The copy has to match the records word for word and include no pictures.
---------- DATA EXCERPTS ----------
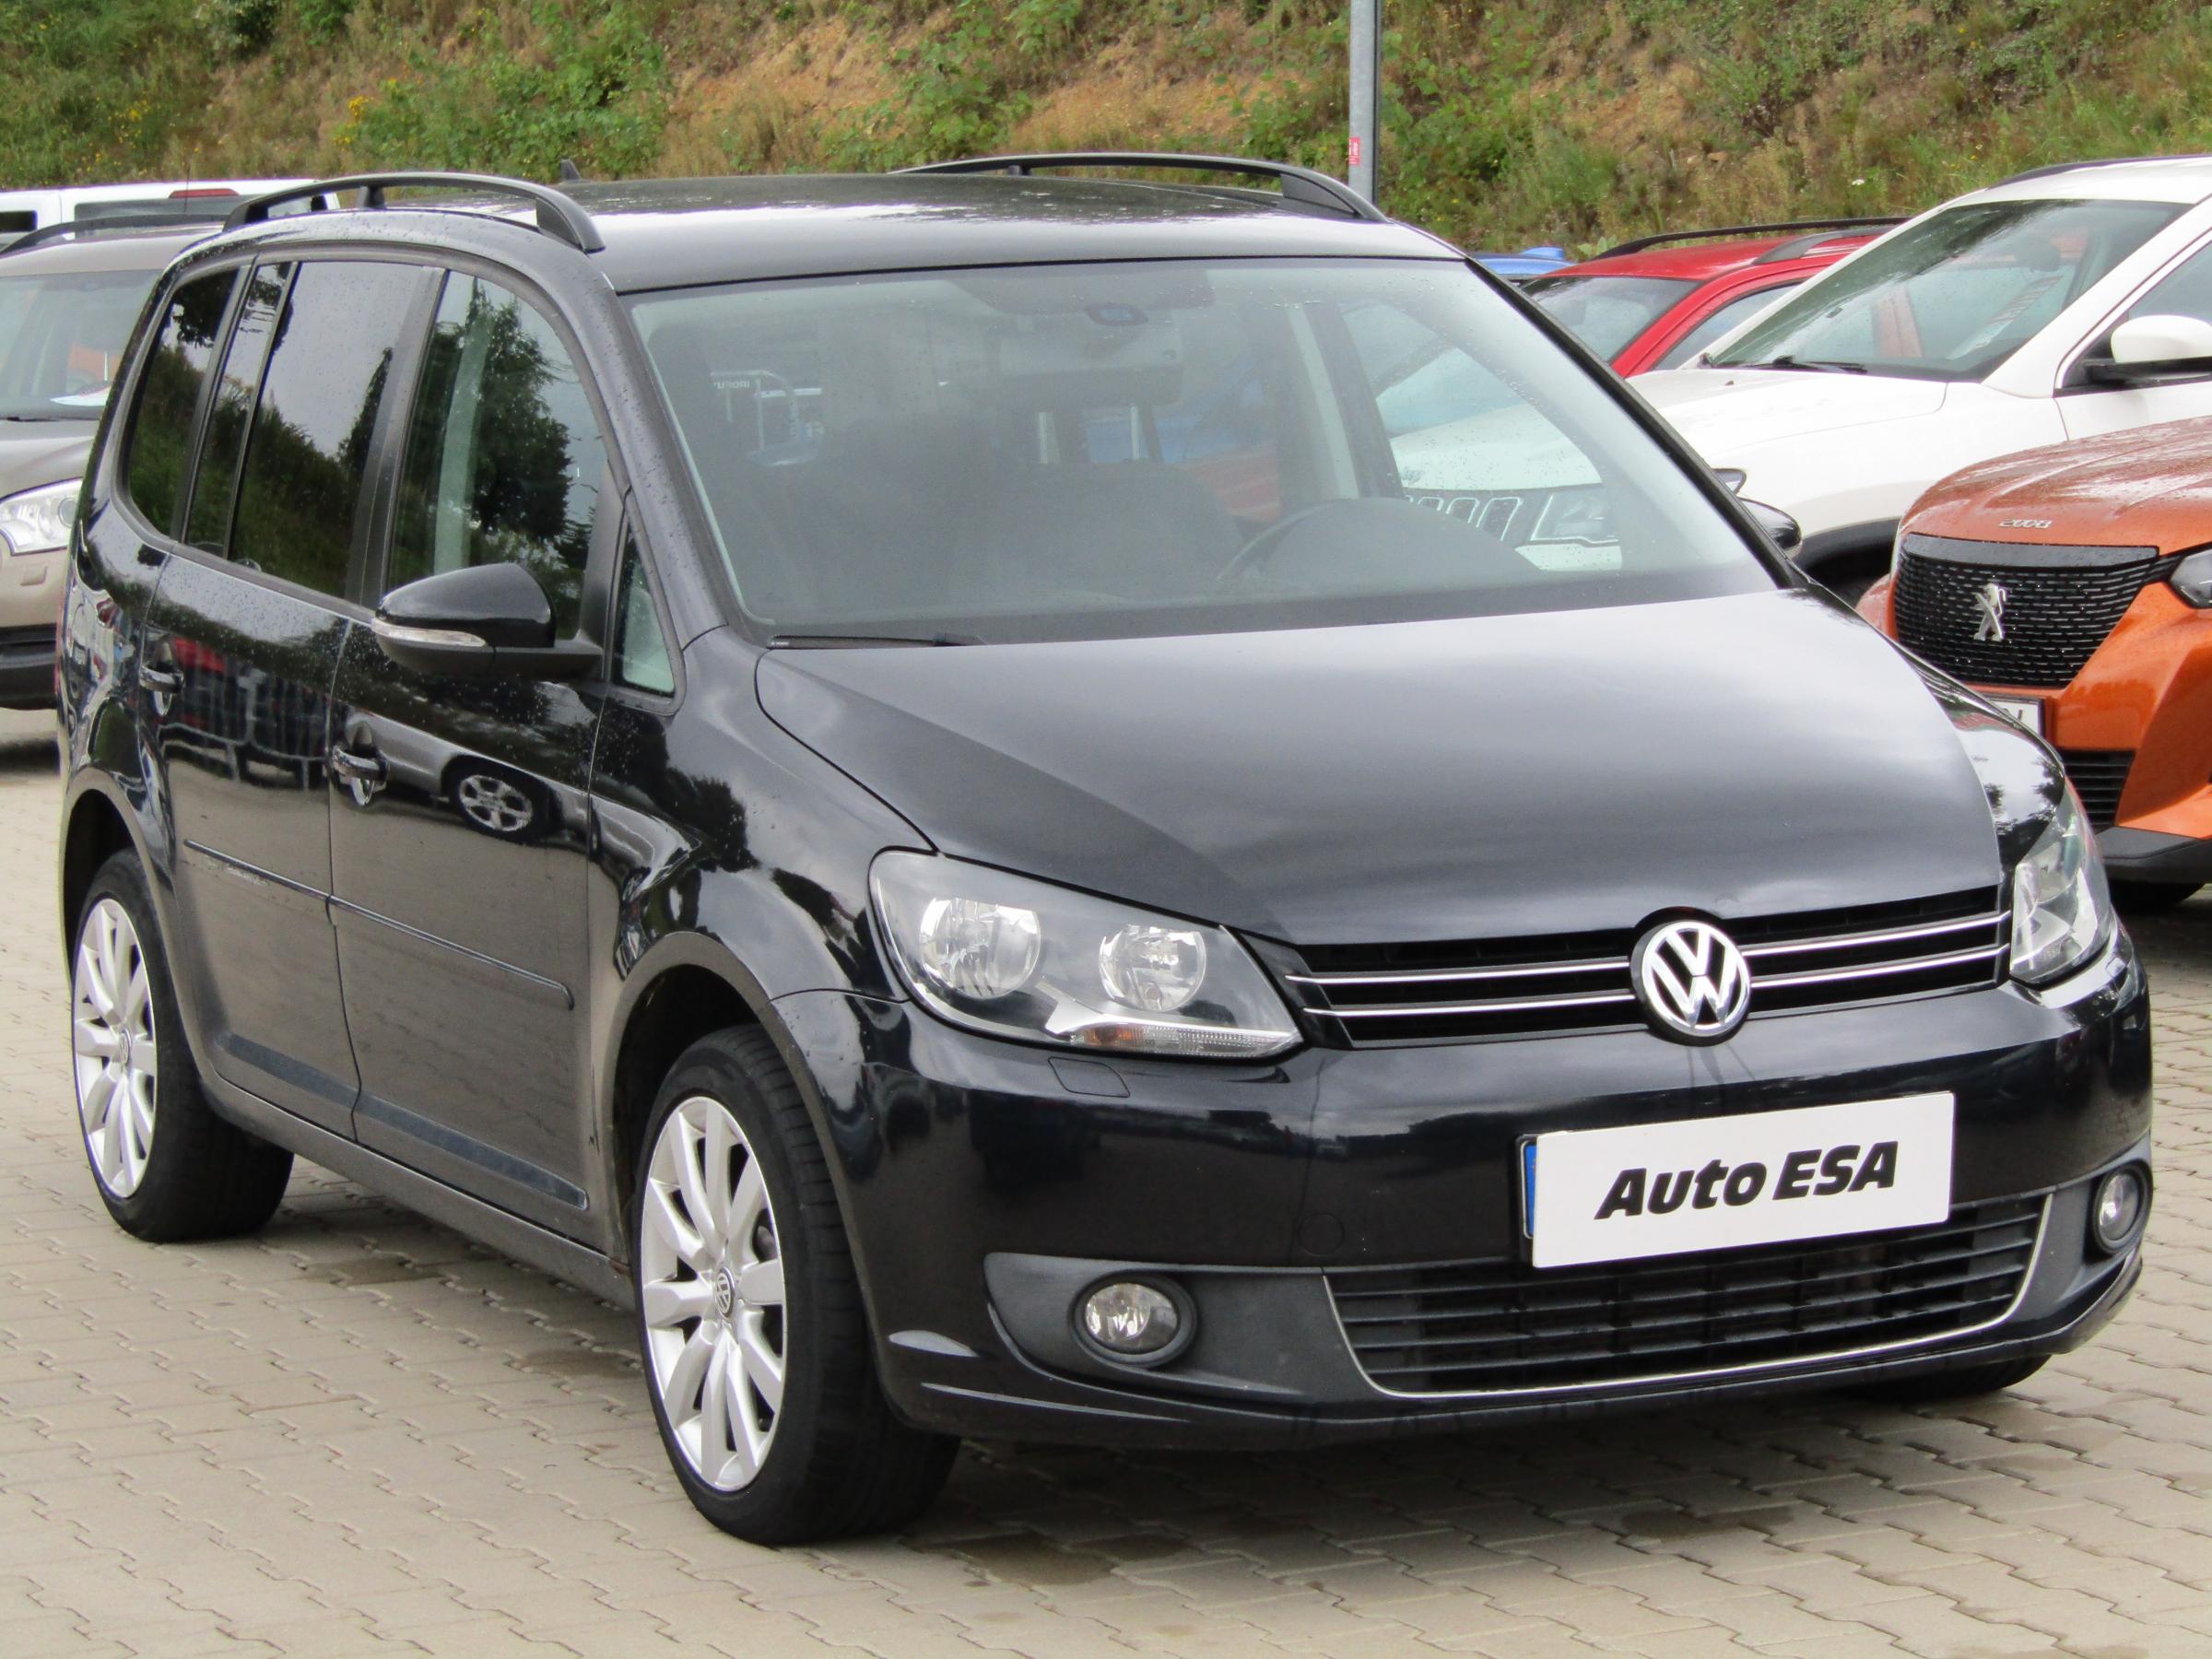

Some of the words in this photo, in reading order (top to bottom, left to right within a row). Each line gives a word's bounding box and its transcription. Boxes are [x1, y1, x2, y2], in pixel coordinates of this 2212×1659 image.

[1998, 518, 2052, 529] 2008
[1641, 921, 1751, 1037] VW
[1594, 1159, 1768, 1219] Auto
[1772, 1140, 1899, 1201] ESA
----------
● PROBLEM SOLUTION
Some of the words in this photo, in reading order (top to bottom, left to right within a row). Each line gives a word's bounding box and its transcription. Boxes are [x1, y1, x2, y2], in pixel coordinates of this 2212×1659 image.

[1998, 518, 2052, 529] 2008
[1641, 921, 1751, 1037] VW
[1594, 1159, 1768, 1219] Auto
[1772, 1140, 1899, 1201] ESA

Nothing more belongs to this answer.